◆ Exercise prompt: Leave the images out, and copy each of the records below exactly.

|---|

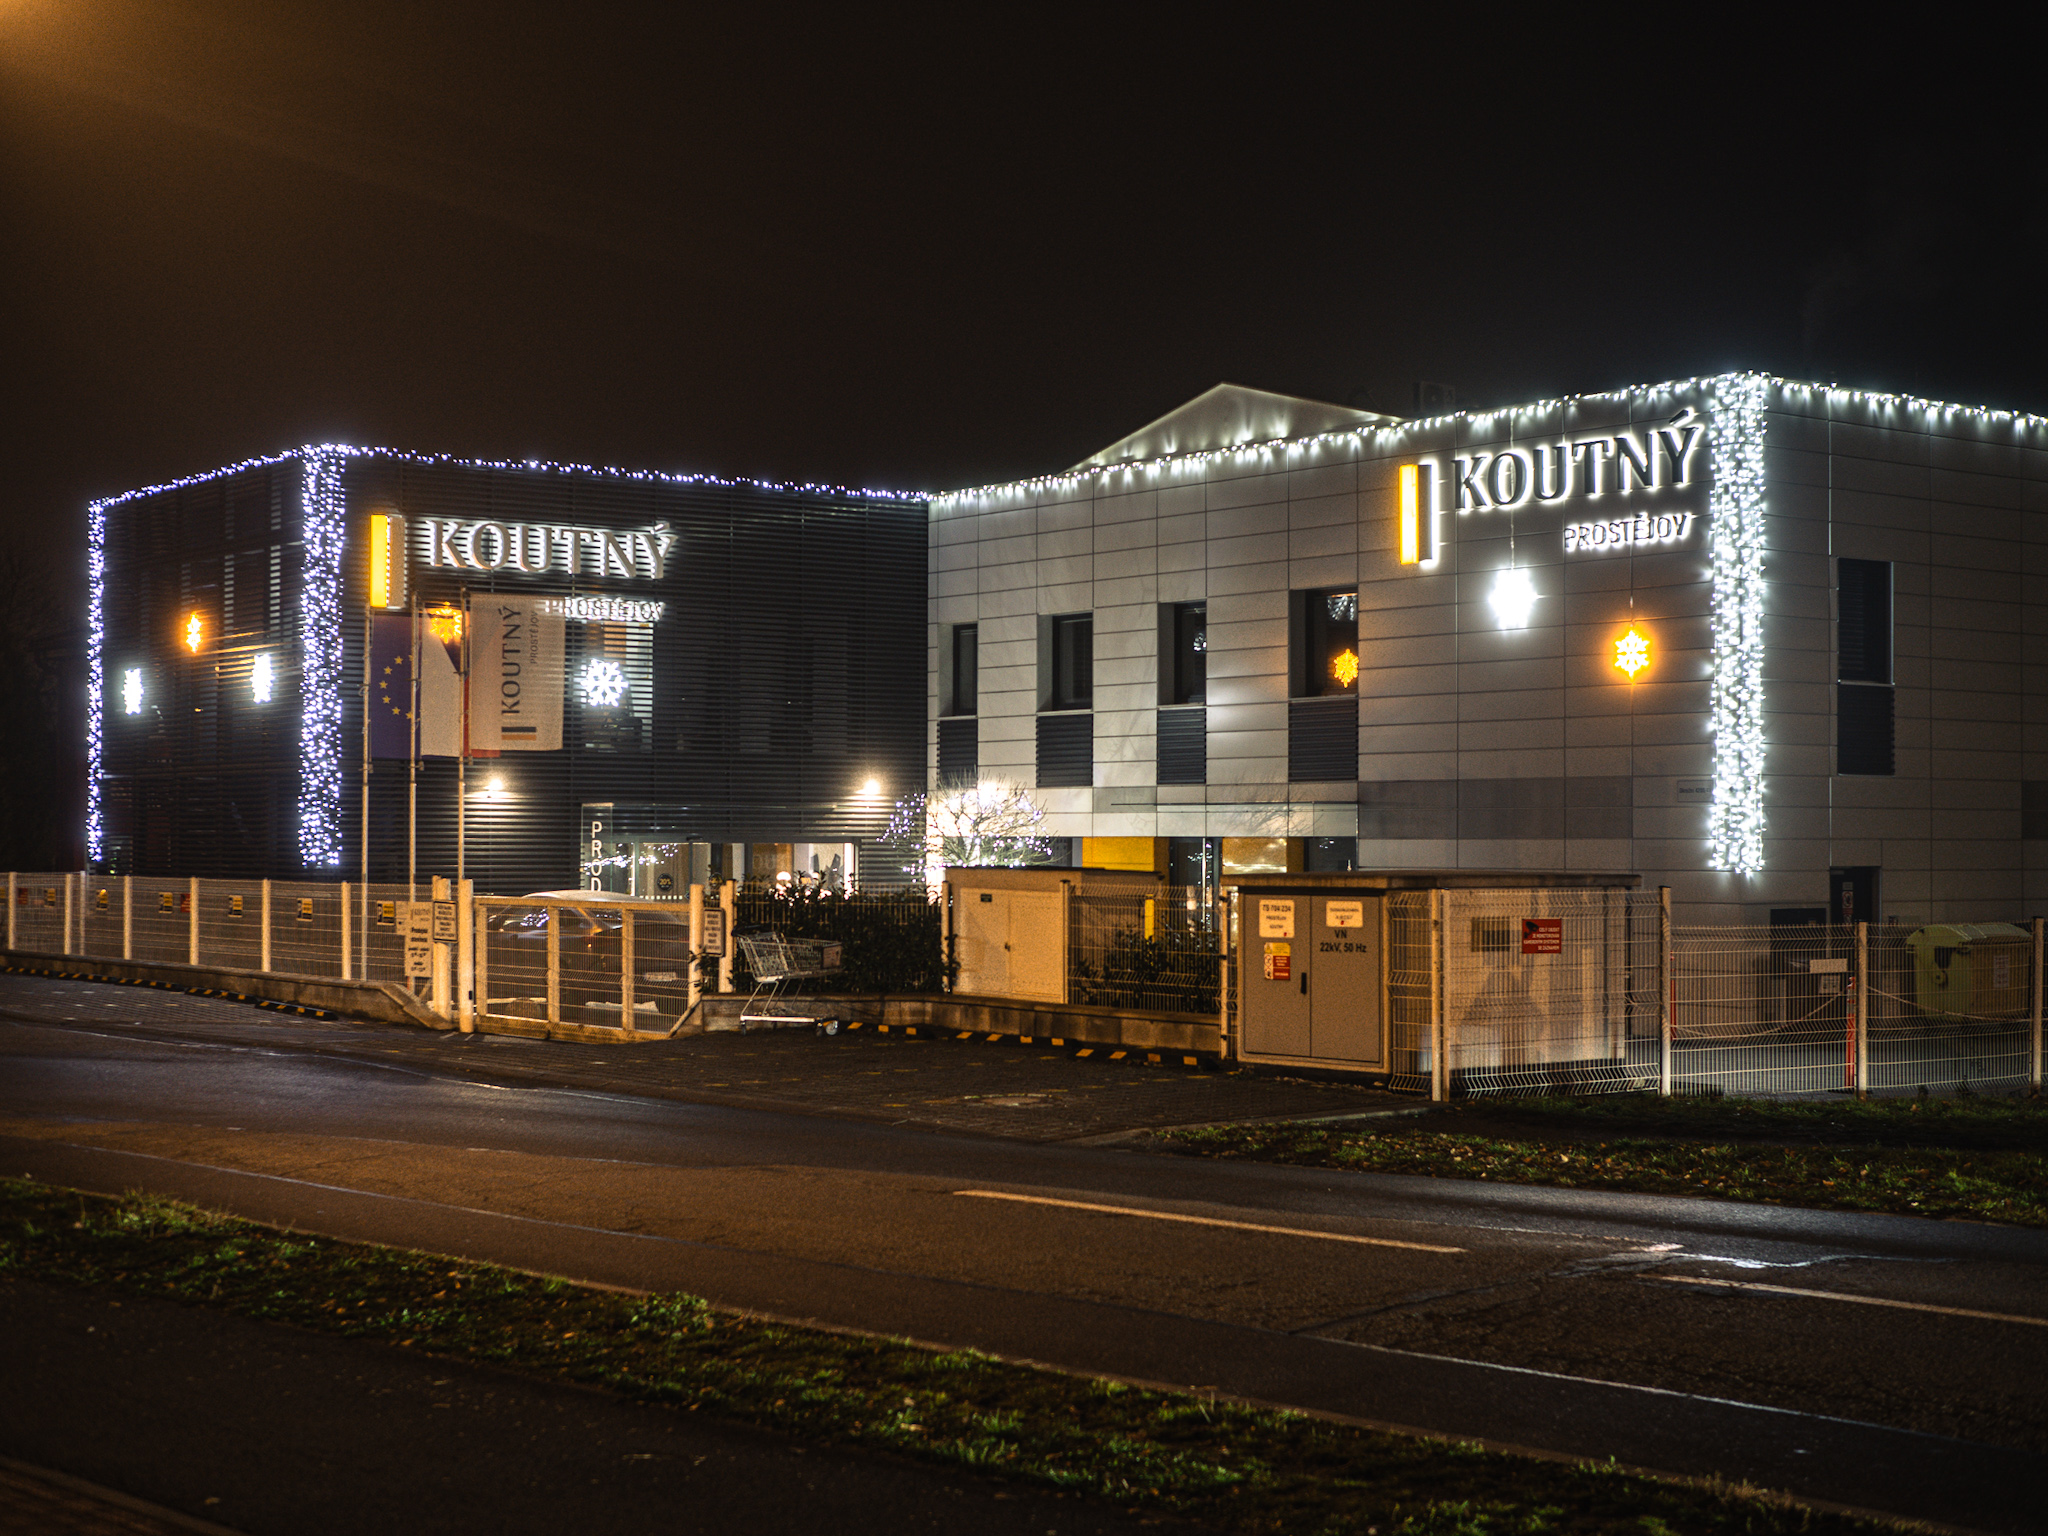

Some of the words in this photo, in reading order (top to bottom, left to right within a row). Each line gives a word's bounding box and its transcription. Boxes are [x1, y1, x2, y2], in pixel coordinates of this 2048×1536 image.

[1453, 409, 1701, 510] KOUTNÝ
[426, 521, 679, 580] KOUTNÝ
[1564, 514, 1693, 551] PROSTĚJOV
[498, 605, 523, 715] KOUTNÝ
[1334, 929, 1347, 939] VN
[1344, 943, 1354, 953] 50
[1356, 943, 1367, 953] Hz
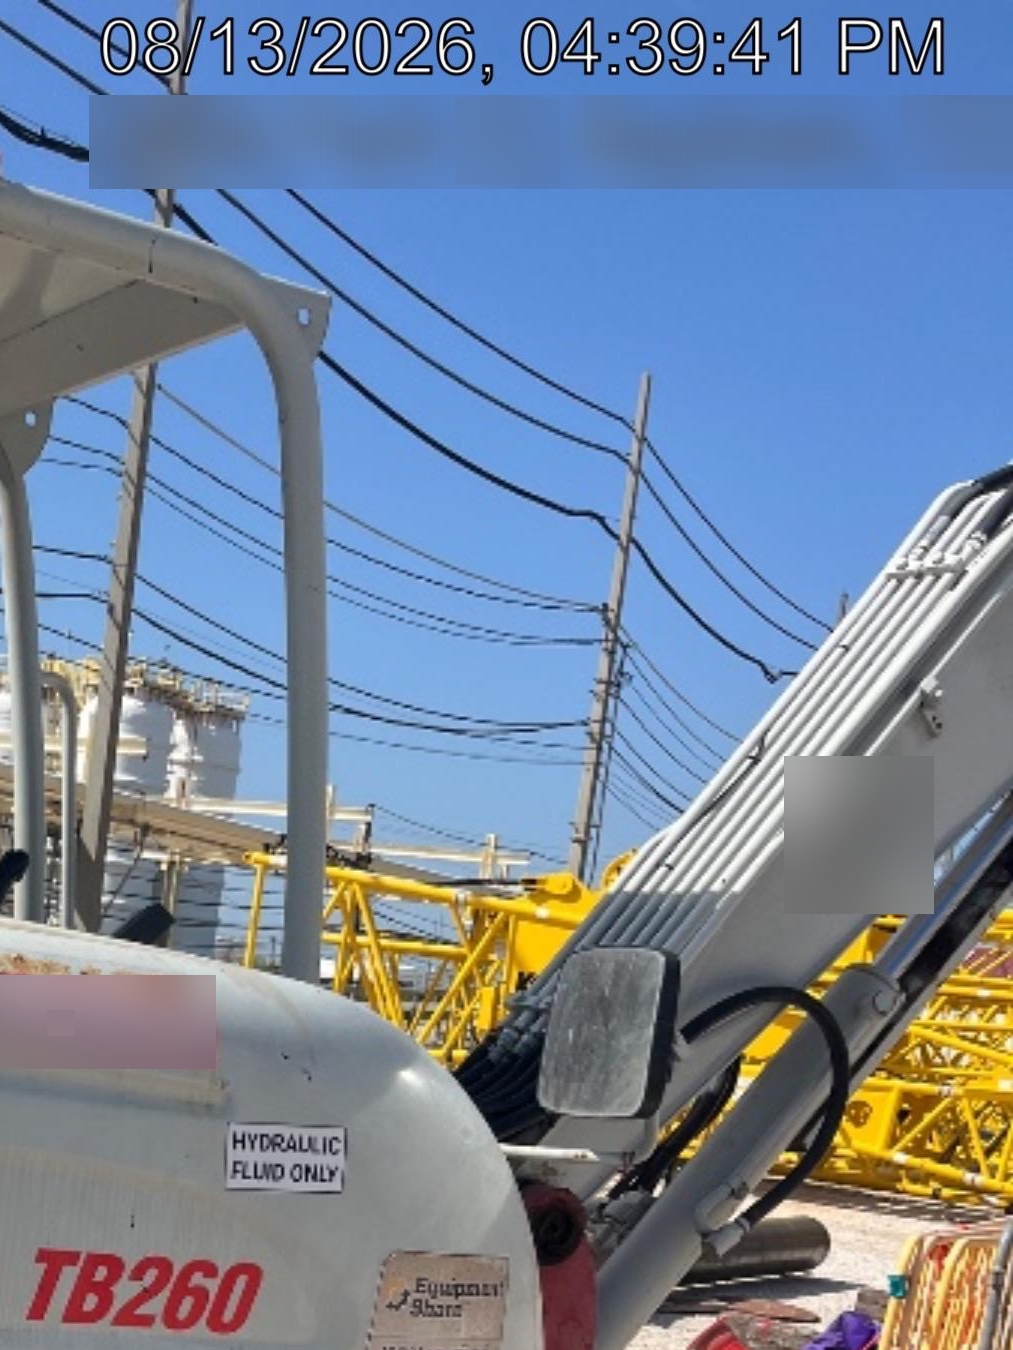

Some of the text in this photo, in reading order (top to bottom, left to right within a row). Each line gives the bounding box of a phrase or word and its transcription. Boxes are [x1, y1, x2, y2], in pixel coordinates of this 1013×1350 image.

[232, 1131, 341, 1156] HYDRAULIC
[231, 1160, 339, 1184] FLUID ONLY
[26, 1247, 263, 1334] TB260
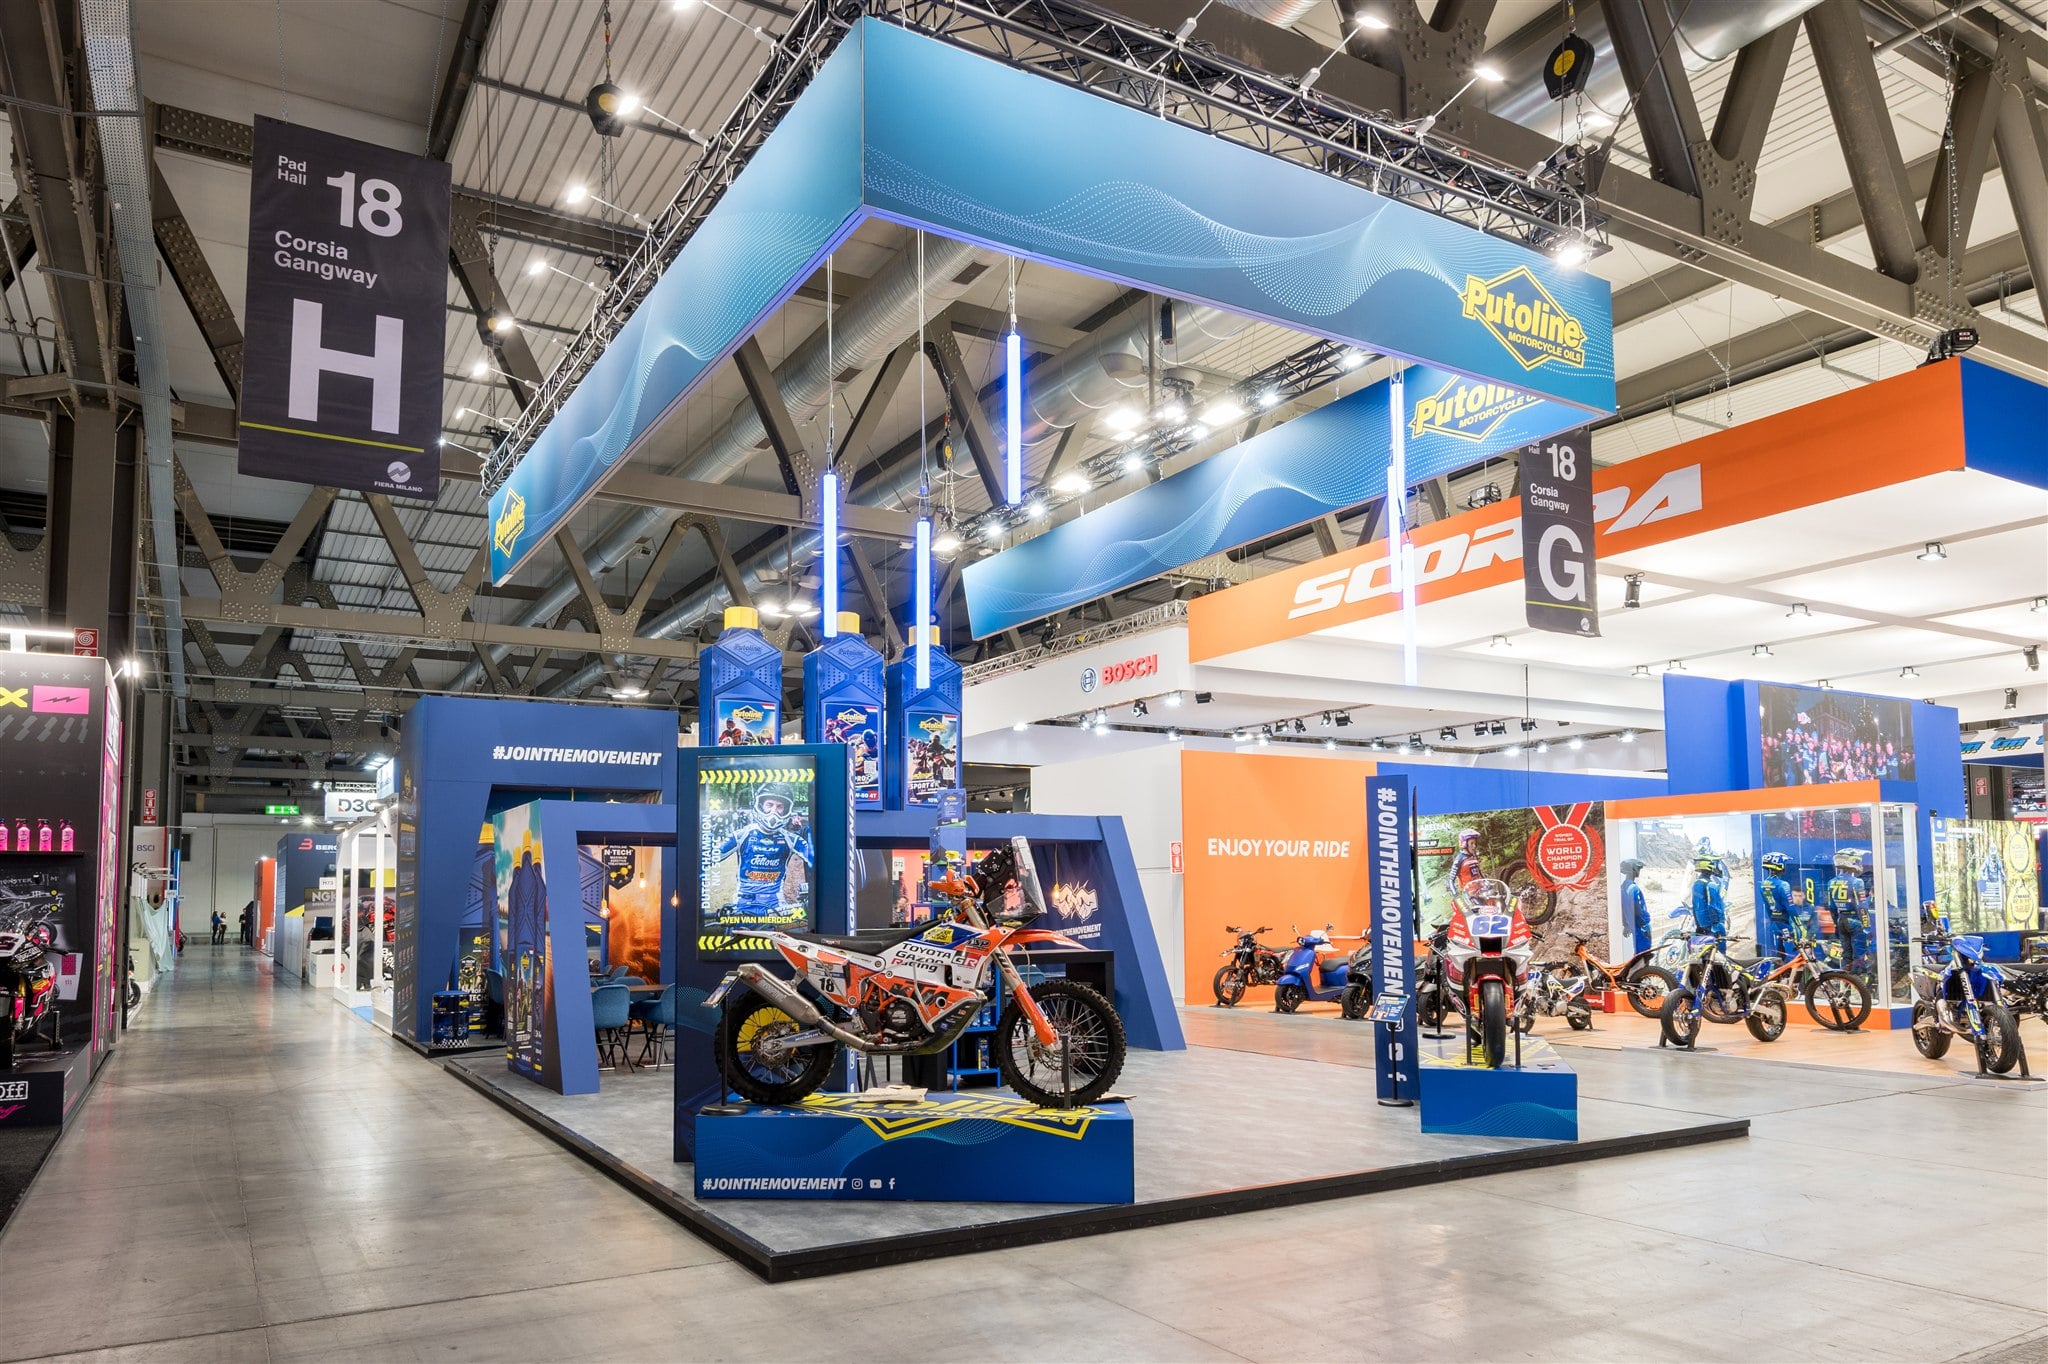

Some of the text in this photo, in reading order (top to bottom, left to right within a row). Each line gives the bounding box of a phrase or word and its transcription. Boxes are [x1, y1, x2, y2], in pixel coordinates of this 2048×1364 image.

|---|

◆ Problem solution:
Some of the words in this photo, in reading order (top to bottom, left to right within a row). Each line gives a word's bounding box and its transcription. Boxes are [x1, y1, x2, y2], in pixel coordinates of this 2048×1536 image.

[1453, 409, 1701, 510] KOUTNÝ
[426, 521, 679, 580] KOUTNÝ
[1564, 514, 1693, 551] PROSTĚJOV
[498, 605, 523, 715] KOUTNÝ
[1334, 929, 1347, 939] VN
[1344, 943, 1354, 953] 50
[1356, 943, 1367, 953] Hz

Some of the text in this photo, in reading order (top to bottom, left to right within a row). Each line gives the bounding box of a phrase or word and its transcription. Boxes are [x1, y1, x2, y2], in pixel coordinates of this 1013×1350 image.

[232, 1131, 341, 1156] HYDRAULIC
[231, 1160, 339, 1184] FLUID ONLY
[26, 1247, 263, 1334] TB260

Some of the text in this photo, in reading order (top to bottom, left to right within a row). Each line gives the bounding box of a phrase or word and its transcription. Boxes are [x1, y1, x2, y2], in pixel coordinates of this 2048×1364 image.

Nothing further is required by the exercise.